When I initially met veteran North Carolina drummer-composer Will Rigby at the dank basement of Manhattan’s Avenue A club, Brownies, he was cracking up several people with dead-on imitations of marble-mouthed King Of The Hill cartoon character, Boomhauer.

Originally an integral part of the dB’s, a fabulous early-‘80s New York City-based underground rock combo, Rigby now handles drum chores for Country legend Steve Earle and was invited as guest musician for folk-roots troubadour Mike Ireland’s current tour.

Recently, he scrambled to assemble tracks for the fascinating, cynically humored solo endeavor, Paradoxaholic (Diesel Only), which he claims “reflects the gulf between the dual nature of sad and funny songs.”

A great historian of rock culture, collecting several thousand records (“though I haven’t followed new music in years”), Rigby expresses adoration for “Cadbury Chicken,” an obscure throwaway B-side to Ronnie Spector’s George Harrison-composed “Try Some, Buy Some.” In related news, Rigby once played the skins at a friends wedding behind Marshall Crenshaw, receiving a kiss from Spector after she sang an unrehearsed version of “Be My Baby.”

Back in ’85, Rigby released his debut, Sidekick Phenomenon, on Yo La Tengo’s boutique label, Egon, calling it “incompetent” even though said bands’ Ira Kaplan told me at a recent softball game he heartily enjoyed it. Nevertheless, Rigby’s seriously bent lyrical perspective could be favorably compared to former Playboy cartoonist/ novelty composer Shel Silverstien.

Scattered singles such as ‘96s “Red Bra And Panties” and “Ricky Skaggs Tonite” (re-done for Paradoxaholic) capture his incisive wit and loose-as-a-goose vernacular in a nasal drawl cross between acid-folk weirdo Peter Stampfel and wheelchair-bound singer-guitarist Vic Chesnutt.

He squeals like a mosquito on the insinuating “This Song Isn’t Even About You” and recalls a Countrified Dave Edmunds on the dismissive “Got You Up My Sleeve” (where he sings “you better have some onions if you wanna see my tears”). Elsewhere, the casually quipped fuck-off “The Jerks At Work,” the stammering fat-bottomed girl ode “Samamaranda,” and the quick li’l barbed ditty “Midas Biege” re-animate acquaintances with pinpoint accuracy. Whether he’s being tipped off by “Sensible Shoes,” “Leanin’ On Bob” for inspiration, or arriving in a “Wheelchair, Drunk,” Rigby may be the only full-time rock drummer besides Ringo Starr or Dennis Wilson to construct worthy solo projects.

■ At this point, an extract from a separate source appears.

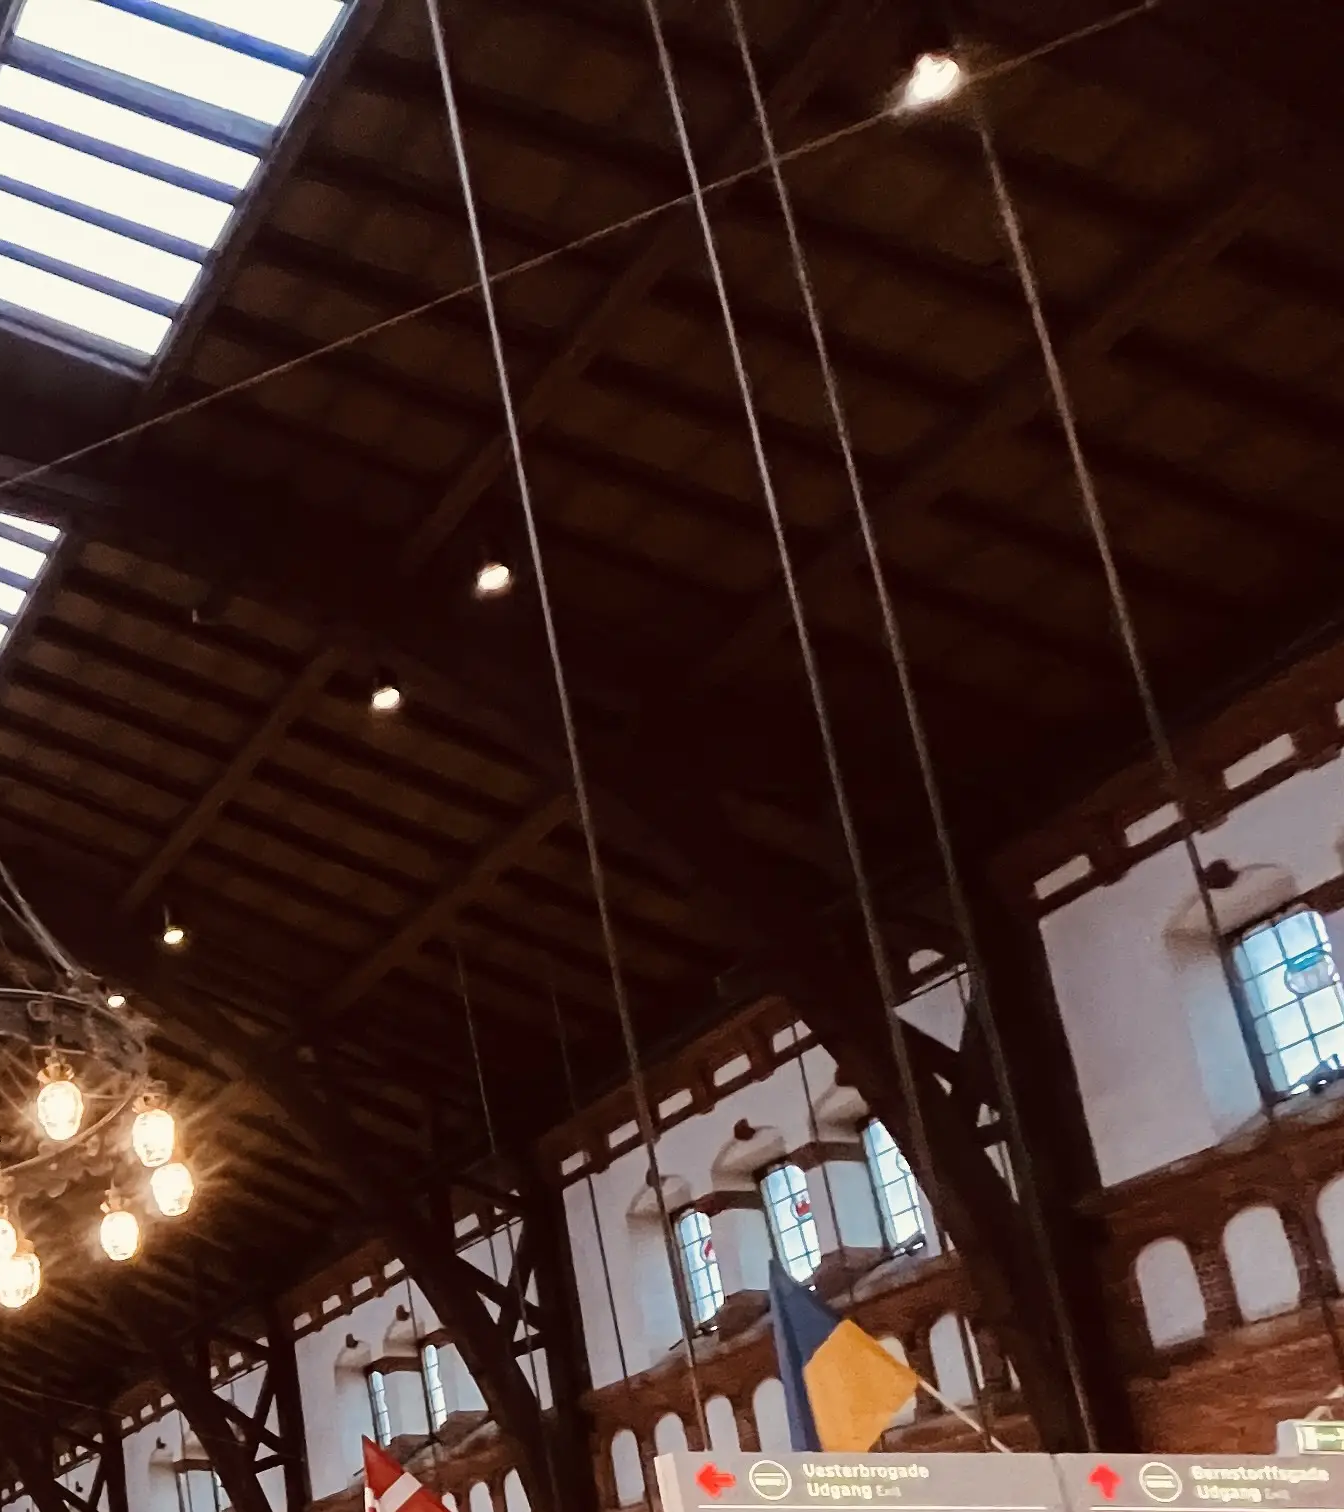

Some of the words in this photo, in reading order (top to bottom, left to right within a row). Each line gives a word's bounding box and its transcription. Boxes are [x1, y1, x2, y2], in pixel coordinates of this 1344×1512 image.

Surrounded by experienced guitarists such as Jon Graboff (ex-Beat Rodeo), Bruce Bennett (A-Bones/ Action Swingers), and Dave Schramm (the Schramms), Rigby slips easily from pretty ballad “The Sweeter Thing You Do” (with ex-dBs bandmate Gene Holder handling bass) to hook-filled organ-doused religion-baiting polka “If I Can’t Be King.” Whether he’s playing the jealous fool on the twangy “Get Away Get Away” or being coy on the buzz-toned piano boogie “Flap Down,” this skinny, fifty-ish fiend leaves no doubt he’s more than just a self-described ‘sidekick phenom.’

Compare the belated Paradoxaholic to your ’85 solo debut.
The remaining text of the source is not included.